I suppose this means you have given up the slap-dash opinion that the love of wisdom is an improper translation of the Greek word philosophia. Beyond that though, it is a very good question, and certainly up for debate. Has a fundamental shift occurred that has turned philosophia into philosophy, and if so, has philosophy suffered or gained by it? I honestly don’t know the definitive answer to that question. It is a profound one. (My personal suspicion is that they are, we all are philosophers to the degree that we question our antecedents, our inherited beliefs, the world-we-are-thrown-into, and fashion through our contemplation an understanding, that in some way reveals the world anew and more powerfully conceived.)

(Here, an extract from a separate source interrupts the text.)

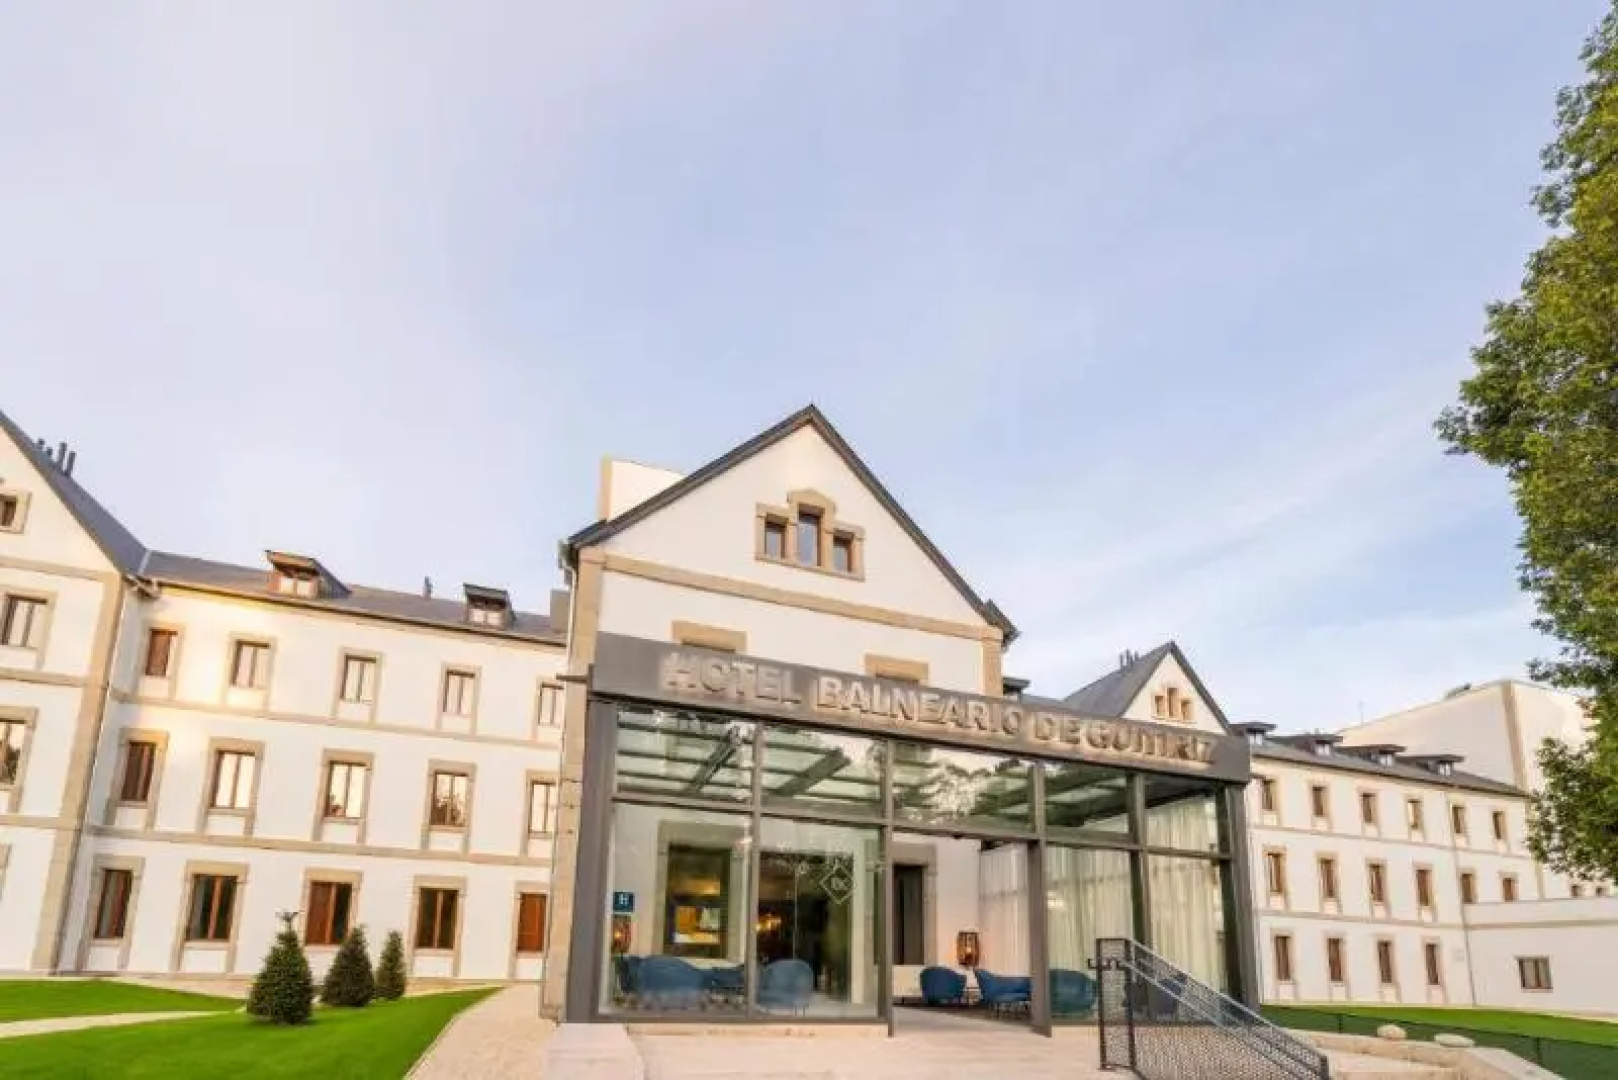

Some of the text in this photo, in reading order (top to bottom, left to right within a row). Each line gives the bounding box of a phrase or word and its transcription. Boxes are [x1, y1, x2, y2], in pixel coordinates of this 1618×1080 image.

[663, 652, 801, 704] HOTEL
[811, 676, 1024, 735] BALNEARIO
[1033, 711, 1082, 746] DE

But it would be a mistake I think to reduce the efforts of early philosophy to the love of simple “understanding”, as we would mean the term.

Dunamis

By no means have I gone back on my skepticism that is the right translation. Indeed, what I am asking is how anyone can hold that philosophy is “love of wisdom” and in any recognizable sense of wisdom, maintain that Quine’s discussion of the indeterminacy of meaning, or that Austin’s essay, “Ifs and Cans” fits into that definition. As a consequence you are faced with deciding whether the view that philosophy is the love of wisdom is correct, or whether J. L. Austin and Quine are philosophers.

Kennethamy,

“By no means have I gone back on my skepticism that is the right translation.”

Do you read Greek? Should we treat the expertise with which you hold matters of translation, the same as we treat your expertise with which you hold matters of philosophical theory?